ROP tedavisi, neonatologlar, çocuk doktorları, göz doktorları ve diğer sağlık çalışanlarından oluşan bir sağlık profesyonelleri ekibinin koordineli çabalarını gerektirir.

Evre 1 veya 2 olan çocukların çoğu sonunda tedavi olmadan iyileşir. ROP Plus Hastalığı belirtileri gösterdiğinde tedavi düşünülmelidir. Anormal retina damarlarının büyümesini (proliferasyonunu) önlemek veya tersine çevirmek ve böylece komplikasyonları (örneğin, retina dekolmanı) azaltmak ve merkezi görüşü korumak için retinanın bölgeleri dondurulabilir (kriyoterapi) veya yoğun bir ışık demetiyle (lazer tedavisi) tedavi edilebilir. Lazer tedavisi ve kriyoterapi retinanın dış (periferik) bölgelerini tahrip eder ve potansiyel olarak yan (periferik) görüşte bir miktar kayba neden olabilir, ancak bu tedavi edilmeyen ROP’un yol açabileceği büyük oluşmuş görüş kaybına kıyasla nispeten küçük bir engeldir. Anti-vasküler endotelyal büyüme faktörü (VEGF) ajanlarının intravitral enjeksiyonlarıyla yapılan farmakolojik tedaviler, özellikle şiddetli ROP’lu bebekler için umut verici yeni bir tedavidir.

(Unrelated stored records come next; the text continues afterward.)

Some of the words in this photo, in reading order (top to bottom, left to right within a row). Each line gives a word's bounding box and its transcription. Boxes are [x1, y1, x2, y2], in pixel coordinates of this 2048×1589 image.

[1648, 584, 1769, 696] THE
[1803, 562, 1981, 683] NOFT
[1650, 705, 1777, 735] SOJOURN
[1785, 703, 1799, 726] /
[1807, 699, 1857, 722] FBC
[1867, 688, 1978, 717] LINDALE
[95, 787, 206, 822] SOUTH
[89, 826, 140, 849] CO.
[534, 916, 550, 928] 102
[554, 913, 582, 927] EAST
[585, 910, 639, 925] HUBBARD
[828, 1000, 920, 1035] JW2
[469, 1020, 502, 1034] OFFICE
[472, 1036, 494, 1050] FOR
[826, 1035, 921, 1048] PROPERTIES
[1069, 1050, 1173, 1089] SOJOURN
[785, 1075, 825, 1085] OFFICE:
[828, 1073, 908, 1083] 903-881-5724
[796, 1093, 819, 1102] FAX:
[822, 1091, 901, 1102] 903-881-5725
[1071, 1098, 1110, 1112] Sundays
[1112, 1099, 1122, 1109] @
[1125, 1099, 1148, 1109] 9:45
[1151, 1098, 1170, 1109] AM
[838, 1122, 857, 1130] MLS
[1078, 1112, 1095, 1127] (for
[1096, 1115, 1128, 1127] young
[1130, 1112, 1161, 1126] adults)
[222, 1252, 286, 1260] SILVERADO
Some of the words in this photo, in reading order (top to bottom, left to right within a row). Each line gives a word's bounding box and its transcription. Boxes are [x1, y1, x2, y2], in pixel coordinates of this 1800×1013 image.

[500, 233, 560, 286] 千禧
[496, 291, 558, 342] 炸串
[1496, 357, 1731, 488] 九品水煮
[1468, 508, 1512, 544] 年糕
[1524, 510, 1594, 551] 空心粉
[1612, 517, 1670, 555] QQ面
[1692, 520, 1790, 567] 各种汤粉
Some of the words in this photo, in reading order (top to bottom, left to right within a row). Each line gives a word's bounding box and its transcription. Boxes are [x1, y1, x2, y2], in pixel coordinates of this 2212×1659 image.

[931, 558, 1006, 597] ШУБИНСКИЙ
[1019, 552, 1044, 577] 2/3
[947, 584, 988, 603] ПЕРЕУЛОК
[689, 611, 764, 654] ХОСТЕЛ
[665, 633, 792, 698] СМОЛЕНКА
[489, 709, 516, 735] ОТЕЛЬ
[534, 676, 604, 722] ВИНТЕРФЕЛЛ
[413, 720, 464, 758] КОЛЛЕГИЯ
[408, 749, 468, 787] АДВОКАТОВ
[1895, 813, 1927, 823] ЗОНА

Tedavi genellikle retina ayrılmaya başlamadan önce yapılır. Retina ayrılması bebeklik döneminde meydana gelirse, kesisel cerrahi onarımlar retinayı yeniden bağlayabilir. Bunlar arasında retinanın yeniden bağlanmasını desteklemek için retina ayrılması bölgelerinin üzerinde gözün en dış zarında (sklera) girintiler yapılan teknikler (skleral çökertme), dokuları gevşetmek ve retinayı içeriye doğru çeken yara izi oluşturmak için vitröz mizahın içeriğinin cerrahi olarak çıkarılması (vitrektomi) ve sıklıkla merceğin çıkarılması (katarakt ekstraksiyonu veya lensektomi) yer alır. Ancak, yenidoğanlarda ciddi retina ayrılmasının tedavisinin genellikle görmeyi geri kazandırma açısından sınırlı faydası olduğunu kabul etmek önemlidir.

Bazı durumlarda düzeltici gözlük kullanımı, cerrahi ve/veya diğer oftalmolojik önlemler dahil olmak üzere ek müdahaleler önerilebilir. Bu bozukluk için diğer tedavi semptomatik ve destekleyicidir. Doğumda ağırlığı 750 gr’ın (1 lb. 10 oz.) altında olan bebeklerin yüzde 16-20’sinin tedaviye ihtiyacı olacak ve yaklaşık yüzde 5’i en iyi tedaviye rağmen kör kalacak.